Es usual señalar a las perspectivas decadentistas como inevitablemente conservadoras. Asociado al pánico moral (Landgraf, 2014: 21), el paradigma de la decadencia, en estos casos, se presenta como un esfuerzo por sobrevivir ante un pasado imaginado como mejor, particularmente desde un punto de vista moral: los comportamientos éticos pertenecen al pasado y solo resta observar su progresiva degradación. Sin embargo, la insistencia contemporánea de esta versión del sentido histórico excede —aunque a veces incluye— esta perspectiva para penetrar otro tipo de discursos, como los que pretende analizar este trabajo: la decadencia se constituye en una narrativa que toma como punto de origen una experiencia de felicidad que, por su exceso o por la crisis que genera, produce un declive moral que cabe a la política señalar.

En los casos que siguen, me gustaría distinguir entonces dos modalidades que adquiere la narrativa de decadencia aplicada a los años menemistas planteada en estos términos. Mientras que en un caso lo que detona la decadencia de un universo acechado pero armónico es una crisis que lleva al silencio, la muerte y el vacío, en el otro, es la decadencia moral resultado del exceso la generadora de la crisis de un mundo que nada tenía de feliz.

Estallidos

Río Tercero, Córdoba, Argentina, 3 de noviembre de 1995. Una serie de explosiones en la Fábrica Militar ubicada a solo 200 metros de los límites de la ciudad provoca, en principio, siete muertos y cientos de heridos. Calificada como accidente tanto por el Gobierno provincial como por el nacional, con los años quedó probado que se trató de una serie de explosiones intencionales destinadas a ocultar las pruebas del contrabando de armas hacia Ecuador y Croacia por parte del Gobierno de Carlos Menem. A los 12 años Natalia Garayalde estaba allí. Y su familia lo filmaba todo: los años de convivencia de la ciudad con la fábrica, las explosiones, el estado en que quedaron su escuela y su casa, una nueva explosión tres semanas después, las denuncias de los vecinos, las sospechas sobre las dos plantas químicas que operan en la misma zona, el registro de un número inusual de muertes por cáncer dentro su familia y de personas cercanas de su misma ciudad. Veinticinco años después Garayalde dirige Esquirlas, un documental sobre los atentados de Río Tercero construido a partir del archivo familiar filmado a lo largo de su infancia y adolescencia que tiene su epicentro involuntario en la tragedia iniciada ese día de noviembre.

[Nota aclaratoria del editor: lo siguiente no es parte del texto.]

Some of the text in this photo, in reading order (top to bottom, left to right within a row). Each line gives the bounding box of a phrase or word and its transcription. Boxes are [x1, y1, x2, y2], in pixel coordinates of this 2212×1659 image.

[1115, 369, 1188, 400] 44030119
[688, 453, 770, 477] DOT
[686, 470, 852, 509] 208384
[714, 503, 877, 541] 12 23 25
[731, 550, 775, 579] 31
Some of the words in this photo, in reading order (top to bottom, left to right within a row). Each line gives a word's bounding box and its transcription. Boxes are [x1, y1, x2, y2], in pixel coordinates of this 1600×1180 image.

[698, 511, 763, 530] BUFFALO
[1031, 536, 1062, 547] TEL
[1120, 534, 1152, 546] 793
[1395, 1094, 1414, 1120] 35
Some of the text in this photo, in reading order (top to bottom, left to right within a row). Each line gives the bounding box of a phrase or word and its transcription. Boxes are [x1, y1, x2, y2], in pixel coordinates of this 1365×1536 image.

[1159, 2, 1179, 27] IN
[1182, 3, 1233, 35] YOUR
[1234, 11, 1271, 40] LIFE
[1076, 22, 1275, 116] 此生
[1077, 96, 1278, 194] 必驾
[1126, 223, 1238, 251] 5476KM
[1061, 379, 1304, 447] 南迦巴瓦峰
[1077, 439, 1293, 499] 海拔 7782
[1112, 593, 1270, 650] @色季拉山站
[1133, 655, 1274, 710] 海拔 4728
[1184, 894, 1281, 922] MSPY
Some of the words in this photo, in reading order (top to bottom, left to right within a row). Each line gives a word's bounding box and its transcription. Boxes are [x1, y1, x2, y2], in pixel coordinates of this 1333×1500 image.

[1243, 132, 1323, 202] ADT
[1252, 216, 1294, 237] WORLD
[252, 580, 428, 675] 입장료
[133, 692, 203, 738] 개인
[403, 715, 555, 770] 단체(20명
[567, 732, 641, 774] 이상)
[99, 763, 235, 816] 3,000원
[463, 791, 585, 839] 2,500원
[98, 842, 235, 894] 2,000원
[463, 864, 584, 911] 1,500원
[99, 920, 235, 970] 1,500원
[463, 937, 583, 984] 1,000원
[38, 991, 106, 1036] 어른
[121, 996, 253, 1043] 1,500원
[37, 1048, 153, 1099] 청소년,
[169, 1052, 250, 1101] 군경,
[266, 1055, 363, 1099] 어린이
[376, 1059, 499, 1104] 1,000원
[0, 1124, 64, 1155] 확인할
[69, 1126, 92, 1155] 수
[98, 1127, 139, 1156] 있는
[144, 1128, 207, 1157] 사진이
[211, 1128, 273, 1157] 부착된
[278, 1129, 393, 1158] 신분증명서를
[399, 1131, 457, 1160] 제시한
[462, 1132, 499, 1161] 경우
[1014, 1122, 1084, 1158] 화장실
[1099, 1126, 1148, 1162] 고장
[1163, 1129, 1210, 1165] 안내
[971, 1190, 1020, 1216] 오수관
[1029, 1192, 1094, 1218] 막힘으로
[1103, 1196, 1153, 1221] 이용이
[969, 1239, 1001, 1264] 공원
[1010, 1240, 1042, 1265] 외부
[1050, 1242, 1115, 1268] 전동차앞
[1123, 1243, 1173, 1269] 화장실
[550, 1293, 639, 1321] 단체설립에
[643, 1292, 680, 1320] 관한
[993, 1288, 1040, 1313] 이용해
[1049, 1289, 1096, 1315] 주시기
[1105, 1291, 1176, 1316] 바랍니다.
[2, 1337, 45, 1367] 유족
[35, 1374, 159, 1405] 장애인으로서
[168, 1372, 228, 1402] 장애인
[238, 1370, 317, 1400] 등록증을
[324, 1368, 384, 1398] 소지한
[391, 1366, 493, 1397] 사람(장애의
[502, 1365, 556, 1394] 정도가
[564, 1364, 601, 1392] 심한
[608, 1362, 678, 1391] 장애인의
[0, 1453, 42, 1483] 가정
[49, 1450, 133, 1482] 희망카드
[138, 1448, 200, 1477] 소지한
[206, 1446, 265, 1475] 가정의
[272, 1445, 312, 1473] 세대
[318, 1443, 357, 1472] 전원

La vida familiar apacible, contenida por una casa amplia rodeada por un gran jardín y sostenida en una vecindad solidaria, se despliega a lo largo de los primeros años de la década del 90: los peinados de Zulemita Menem, vestidos rojo fuego, dorados plastificados, videoclips de MTV, juegos de PC, equipos de audio gigantes. Los fuegos artificiales de la fiesta menemista —una fiesta sostenida en un simulacro de progreso basado en exceso de colores, consumo y cinismo— explota y deja en evidencia su oscuridad. El hilo del relato de Garayalde transcurre en la tensión entre una felicidad familiar auténtica y una felicidad pública que es puro artificio en camino hacia el declive causado por una explosión que deja a la vista la degeneración de un modo de pensar lo público. Hay allí un mundo que, literalmente, se desintegra. Una explosión cuyas esquirlas llegan hasta el presente. Como sucederá más tarde con el estallido de 2001, surge, tras las explosiones, una comunidad disuelta. El lazo de lo común se ha perdido para siempre, la experiencia de felicidad resulta fatalmente diluida. Todo aquello que existía en la ciudad de Río Tercero desapareció abruptamente a partir de la crisis radical introducida por las explosiones de esos días. Aquello que le daba sentido al espacio de la comunidad de la ciudad desaparece poco a poco a partir de las explosiones.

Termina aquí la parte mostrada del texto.